What is being asked ->
With the pictures omitted, transcribe each line below exactly as it is.

Data provided ->

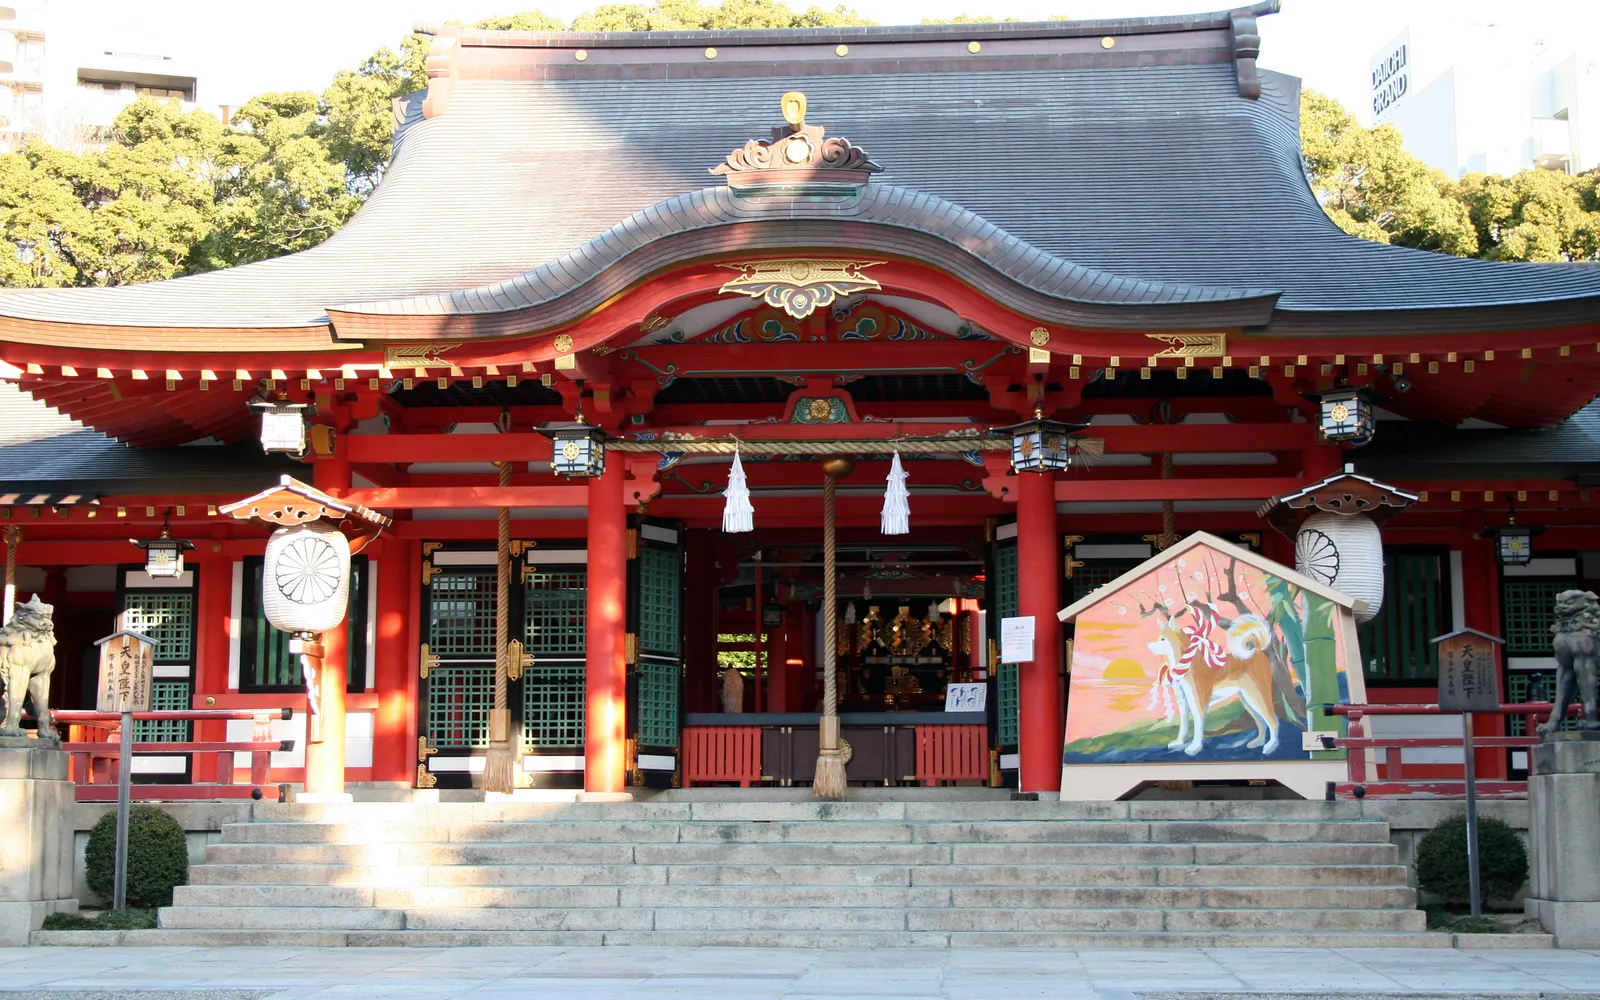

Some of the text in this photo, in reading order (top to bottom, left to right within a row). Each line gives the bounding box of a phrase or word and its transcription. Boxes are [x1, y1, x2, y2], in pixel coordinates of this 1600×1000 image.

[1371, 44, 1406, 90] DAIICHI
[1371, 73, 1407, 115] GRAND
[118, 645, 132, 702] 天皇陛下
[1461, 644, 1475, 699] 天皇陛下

Output of the exercise ->
Some of the text in this photo, in reading order (top to bottom, left to right within a row). Each line gives the bounding box of a phrase or word and its transcription. Boxes are [x1, y1, x2, y2], in pixel coordinates of this 1600×1000 image.

[1371, 44, 1406, 90] DAIICHI
[1371, 73, 1407, 115] GRAND
[118, 645, 132, 702] 天皇陛下
[1461, 644, 1475, 699] 天皇陛下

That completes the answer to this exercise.